In this article, we’ll focus on 5 taxonomies related to the product data in your ecommerce processes, their purpose and key best practices for maintaining them:
1. Reporting Taxonomy
This taxonomy is commonly used in an Enterprise Resource Planning (ERP) system and its main purpose is to help streamline operational, supply chain and fiscal reporting data. This is usually organized by an internal company structure that aligns with operation or sales reporting. ERPs often have a fixed hierarchal depth so each level often has an overarching level assignment such as Company - Division – Family – Product – SKU. This allows for ease of reporting and clear instruction to governance but it can get messy due to not always having a clear value for each level and results in duplication of values if it is not done right and evaluated for the necessary depth. Some companies may need only a three tier hierarchy while other may need a six tier hierarchy. It depends on the complexity of the company and its products.
2. Attribution Taxonomy
This taxonomy is often the backbone taxonomy in a Product Information Management system (PIM) or Master Data Management system (MDM) and is used to organize category specific attributes. It is organized by is-ness which is how we refer to organizing by what a category factually represents, not what it does or how it is used. An example of this can be illustrated with hinges.

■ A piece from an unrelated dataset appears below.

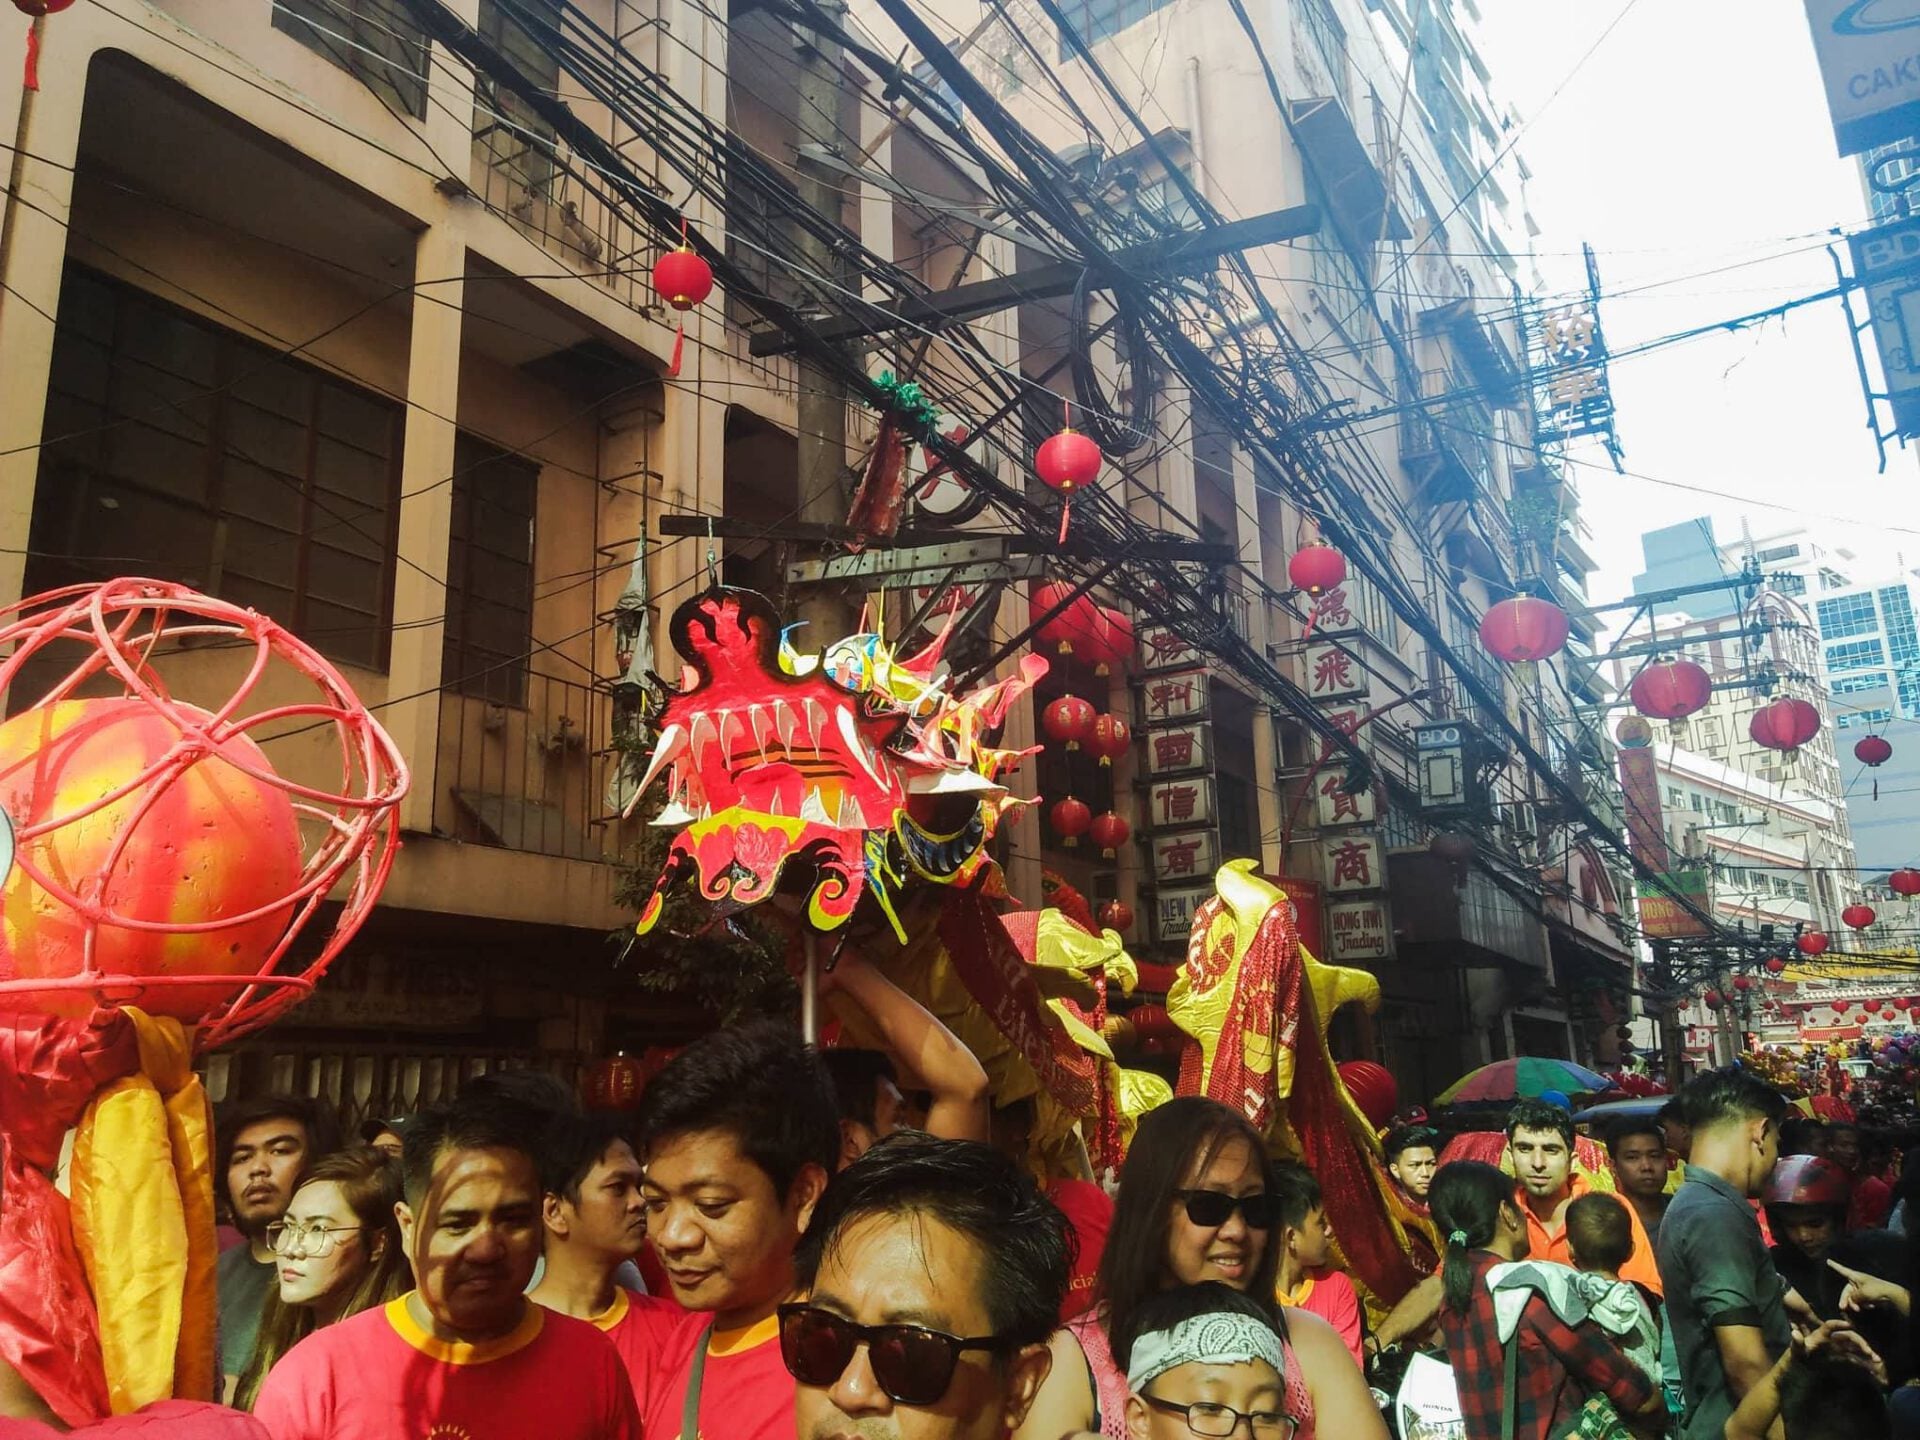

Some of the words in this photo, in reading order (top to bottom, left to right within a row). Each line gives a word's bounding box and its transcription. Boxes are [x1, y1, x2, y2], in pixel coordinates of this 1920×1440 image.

[1418, 727, 1460, 745] BDO
[1161, 896, 1187, 918] NEW
[1333, 911, 1360, 930] HONG
[1335, 931, 1384, 956] Trading

If hinges are organized by is-ness then we may see the following path “Hardware > Hinges” but if we allow something like application to come into play it may split between “Door Hardware > Hinges” and “Cabinet Hardware > Hinges”. We now have hinges in two locations because the taxonomy wasn’t focused on a primary organizing principle of is-ness.
Is-ness allows for a clean and consistent structure that allows for attributes to be managed from the global to terminal level. On the global level you may see attributes such as “Brand” and “Price”. As you go down the structure the attributes get more specific. A lightbulb may have attributes assigned at the terminal category level such as “Voltage” and “Light Technology” whereas a sawblade would have attributes like “Number of Teeth” and “Hook Angle”.
Some key best practices when managing an attribution taxonomy include mutual exclusivity which refers to one product in one place. An item or SKU can only be classified to one category. Conversely this taxonomy also must be collectively exhaustive, having a category that provides attribution for all items. Labels should be clear and concise without attributes or company jargon such as brand or family name stuffed into the labels.
3. Navigation Taxonomy
A navigation taxonomy is used on an ecommerce site and is primarily focused on findability. The primary product taxonomy is usually organized by is-ness, but there are possibilities of secondary taxonomies allowing for additional organizing principles such as application, industry or persona based taxonomies.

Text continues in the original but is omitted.